*WHAT YOU NEED TO DO*.
Return the entries below verbatim. Pictures stay out.

*THE DATA*.

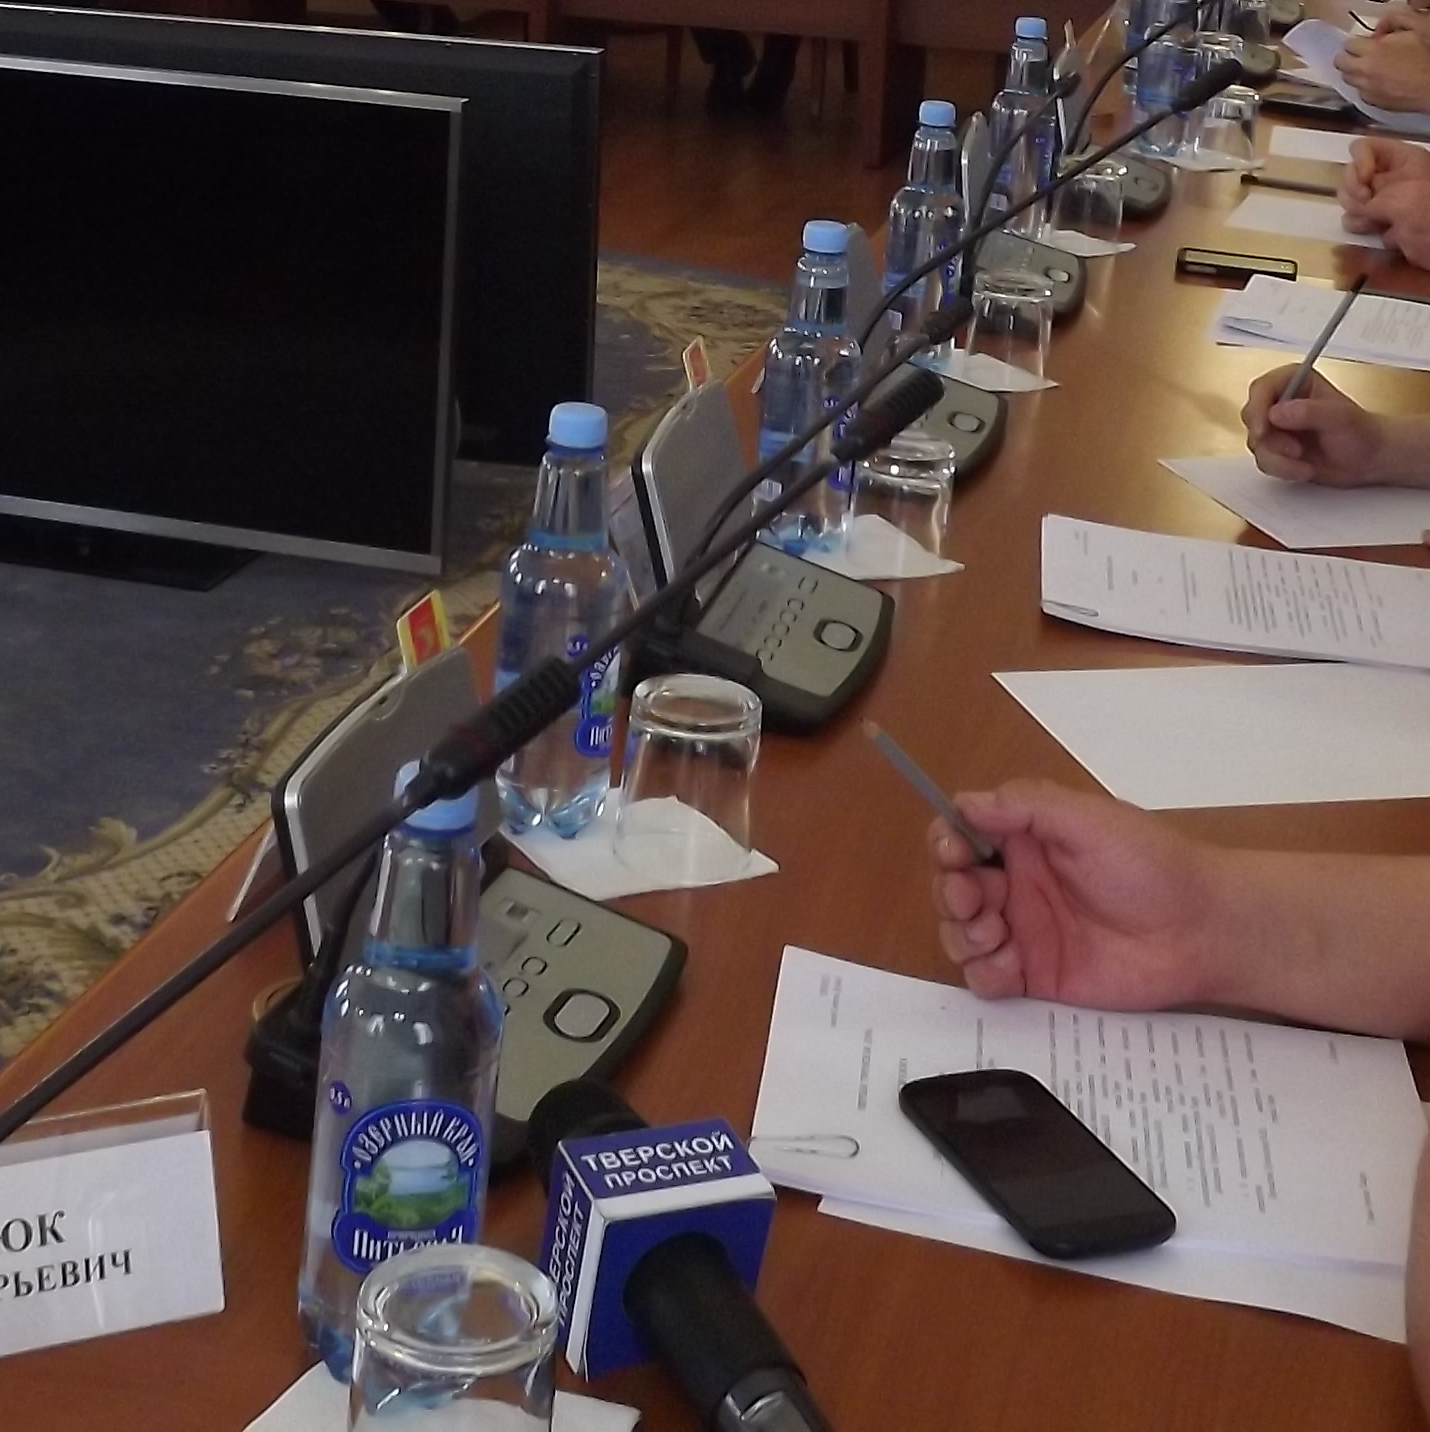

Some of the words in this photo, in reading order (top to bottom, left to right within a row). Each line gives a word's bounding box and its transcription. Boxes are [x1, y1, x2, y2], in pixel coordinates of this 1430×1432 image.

[352, 1109, 444, 1162] ОЗЕРНЫЙ
[579, 1130, 735, 1172] ТВЕРСКОЙ
[603, 1154, 733, 1190] ПРОСПЕКТ
[548, 1169, 577, 1285] ЕРСКОЙ
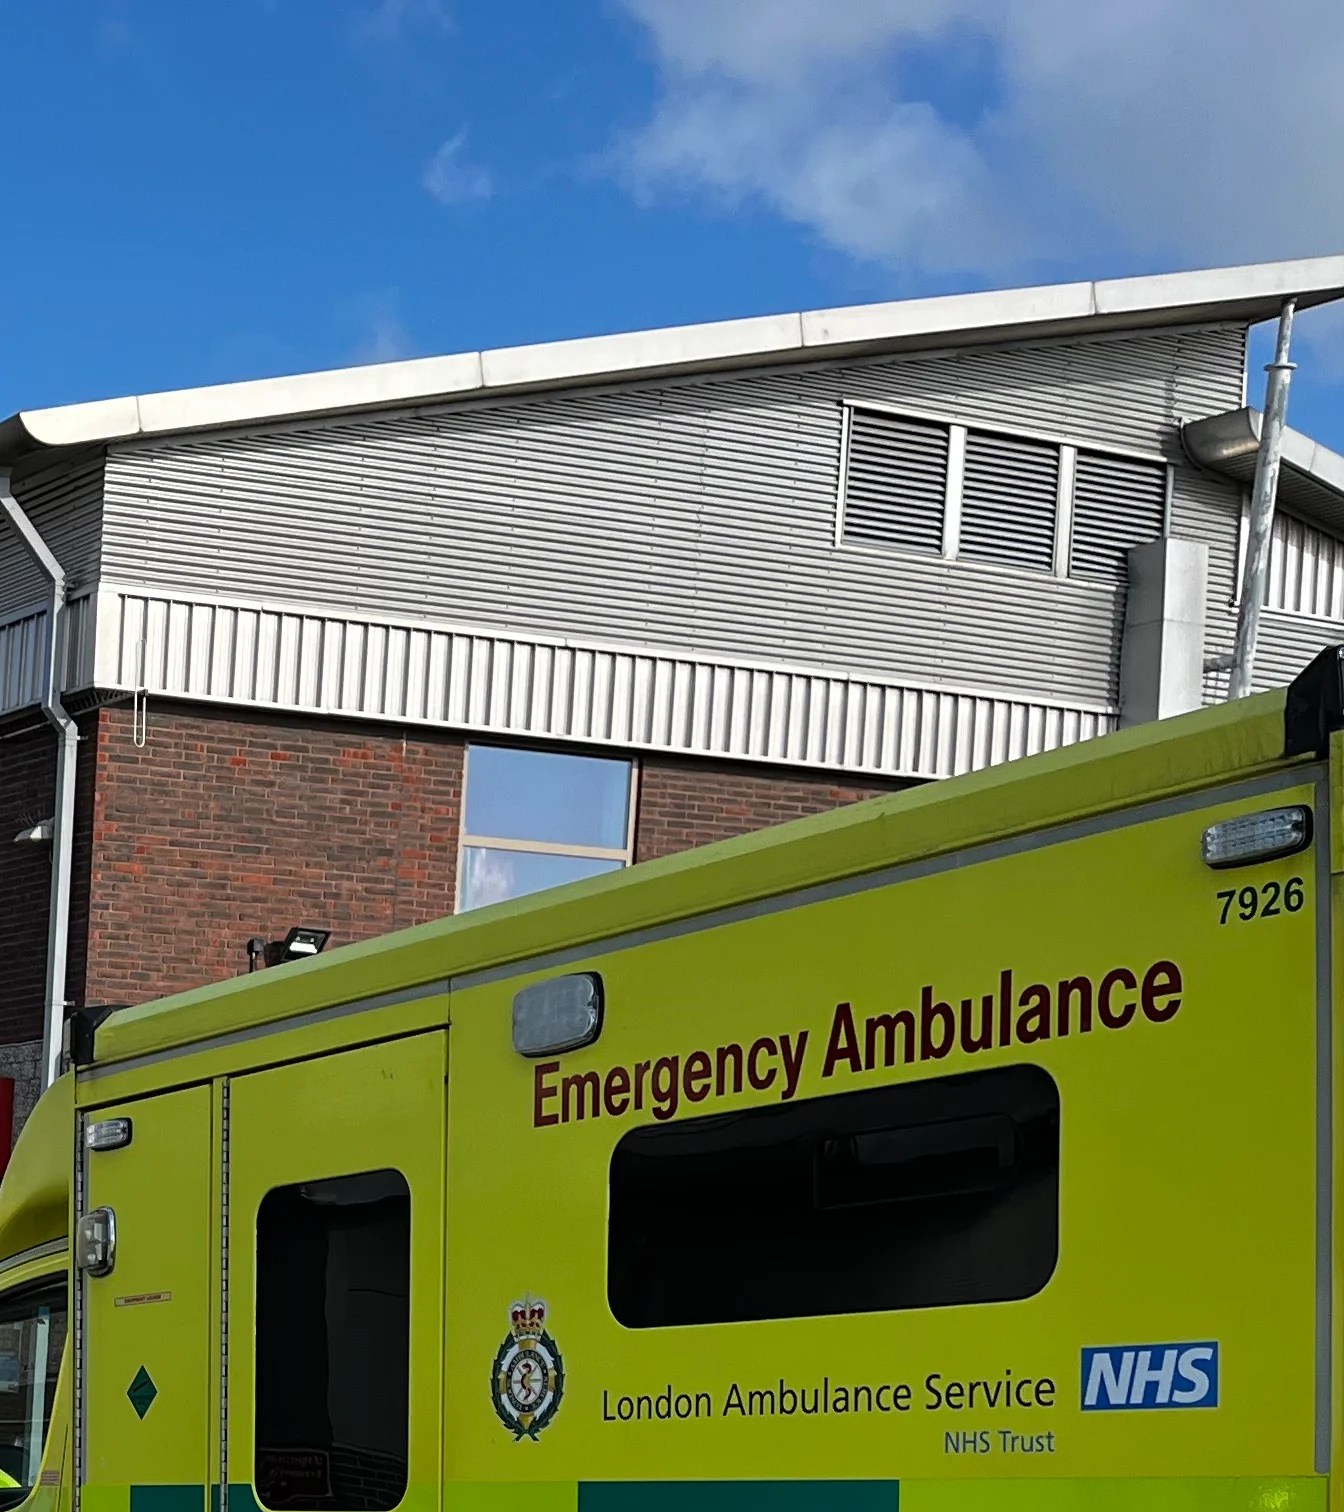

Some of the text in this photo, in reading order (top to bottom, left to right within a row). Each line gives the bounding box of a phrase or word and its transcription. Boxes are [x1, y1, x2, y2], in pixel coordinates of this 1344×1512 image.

[1216, 876, 1304, 925] 7926
[532, 960, 1183, 1129] Emergency Ambulance
[603, 1369, 1056, 1421] London Ambulance Service
[1083, 1347, 1214, 1406] NHS
[944, 1430, 1055, 1454] NHS Trust
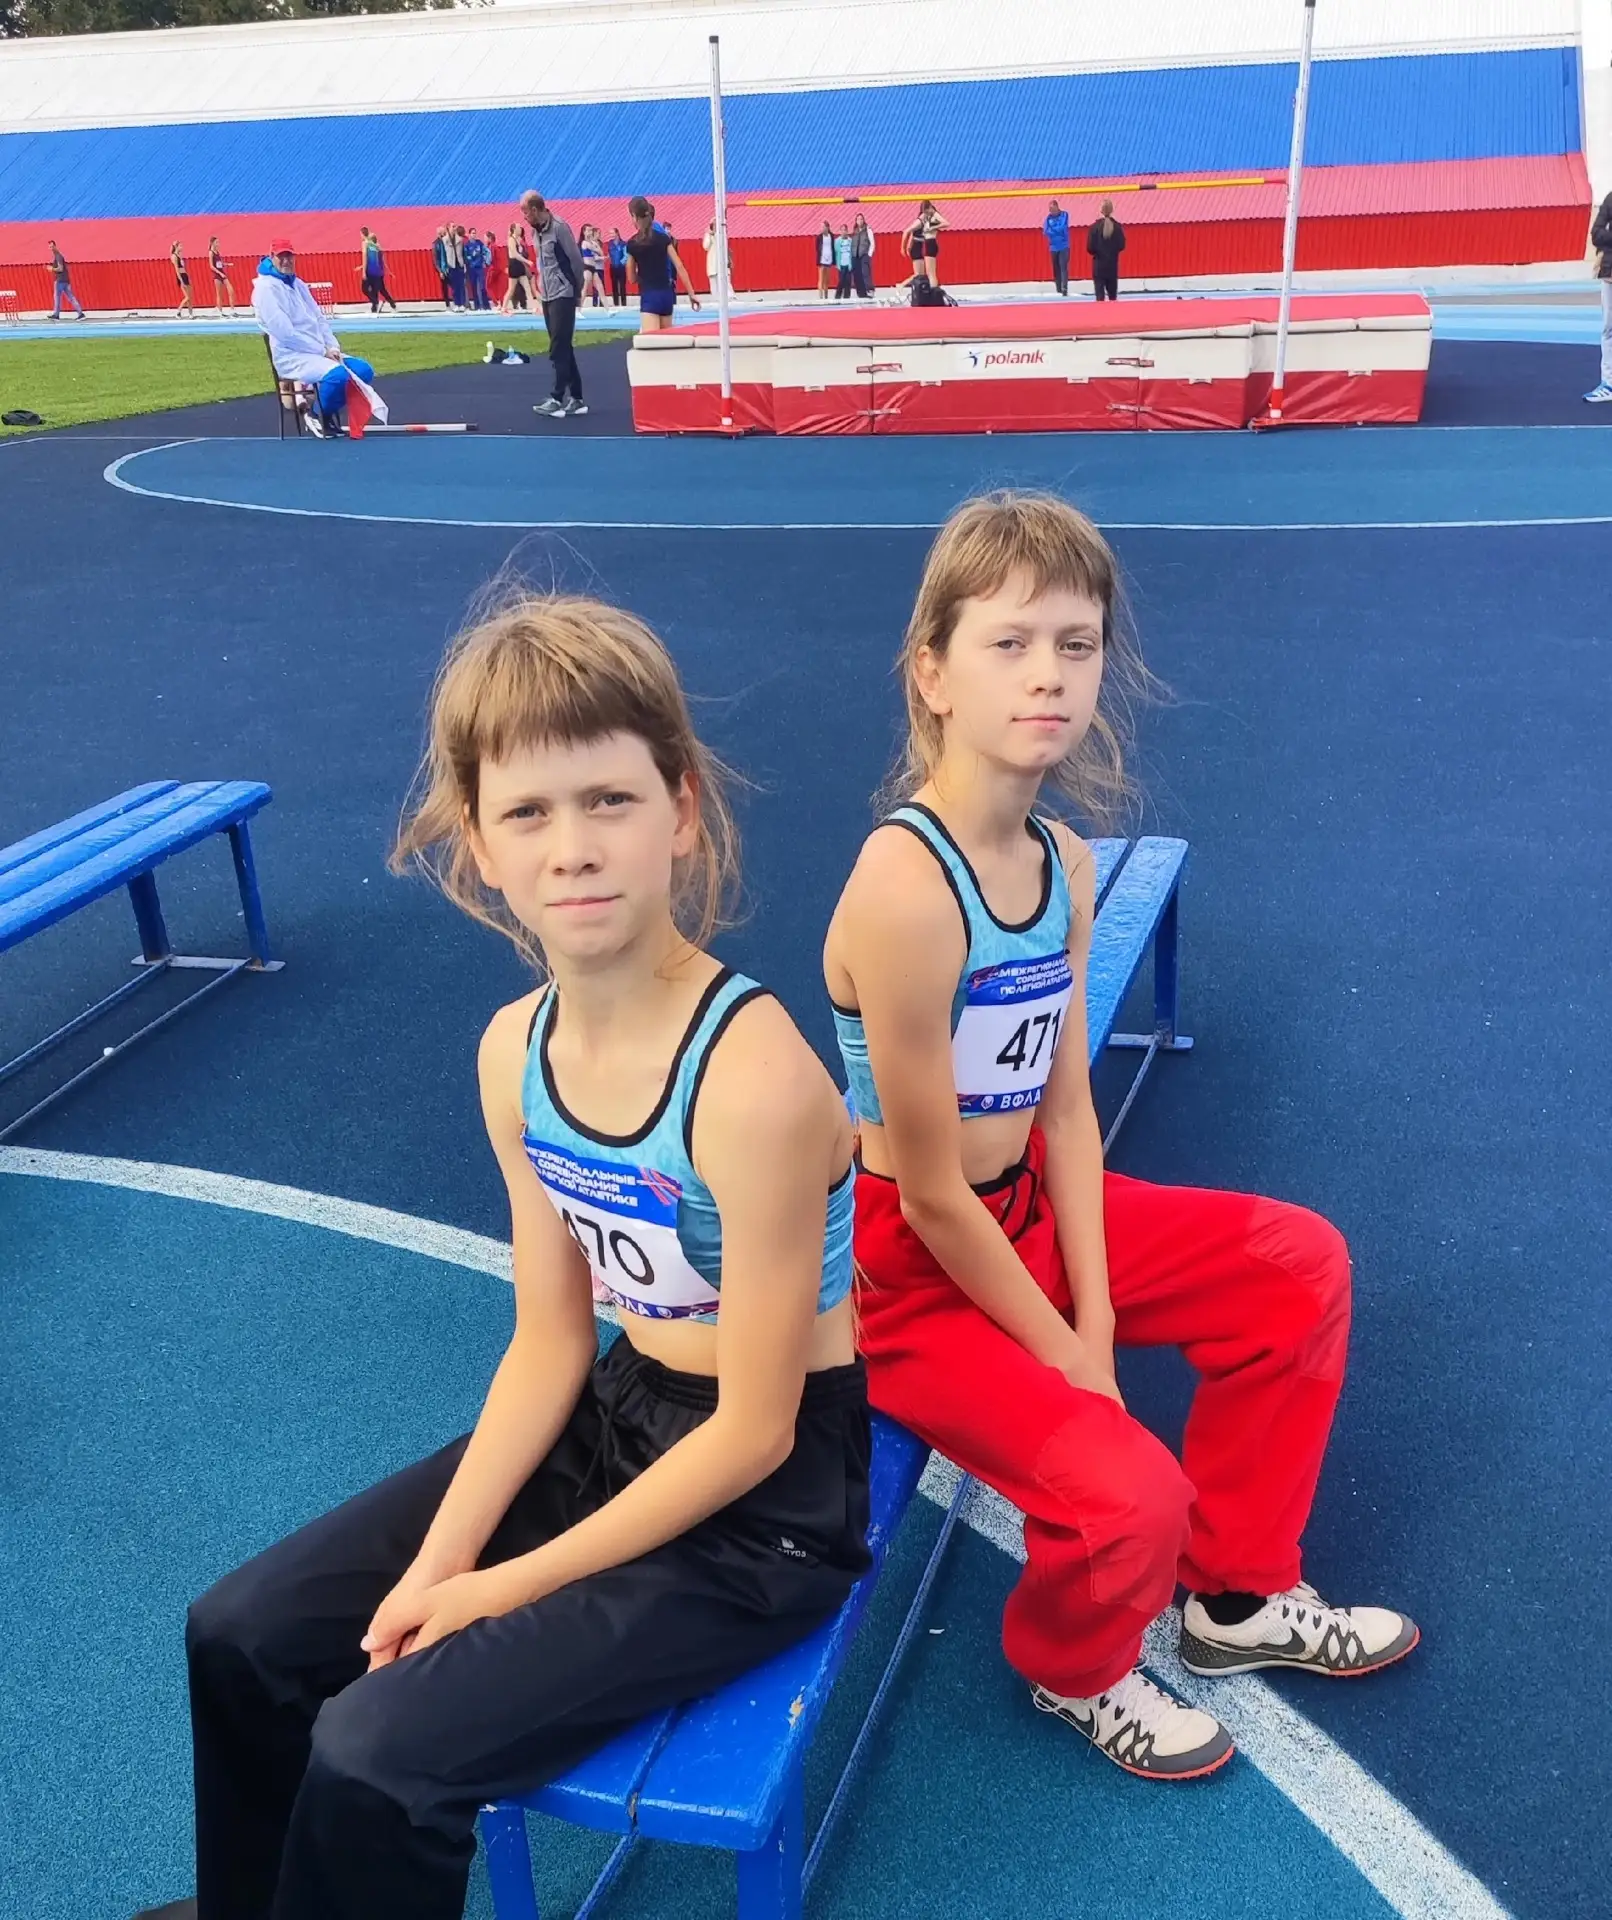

*WRITTEN SOLUTION*.
Some of the words in this photo, in reading order (top to bottom, left to right within a row). Each line gives a word's bounding box and its transcription. Boxes are [x1, y1, x2, y2], in pixel coordinates of this 1430×1432 image.

[352, 1109, 444, 1162] ОЗЕРНЫЙ
[579, 1130, 735, 1172] ТВЕРСКОЙ
[603, 1154, 733, 1190] ПРОСПЕКТ
[548, 1169, 577, 1285] ЕРСКОЙ

Some of the text in this photo, in reading order (top to bottom, left to right within a row). Each line gives the bounding box of a phrase or word and its transcription. Boxes are [x1, y1, x2, y2], in pixel coordinates of this 1344×1512 image.

[1216, 876, 1304, 925] 7926
[532, 960, 1183, 1129] Emergency Ambulance
[603, 1369, 1056, 1421] London Ambulance Service
[1083, 1347, 1214, 1406] NHS
[944, 1430, 1055, 1454] NHS Trust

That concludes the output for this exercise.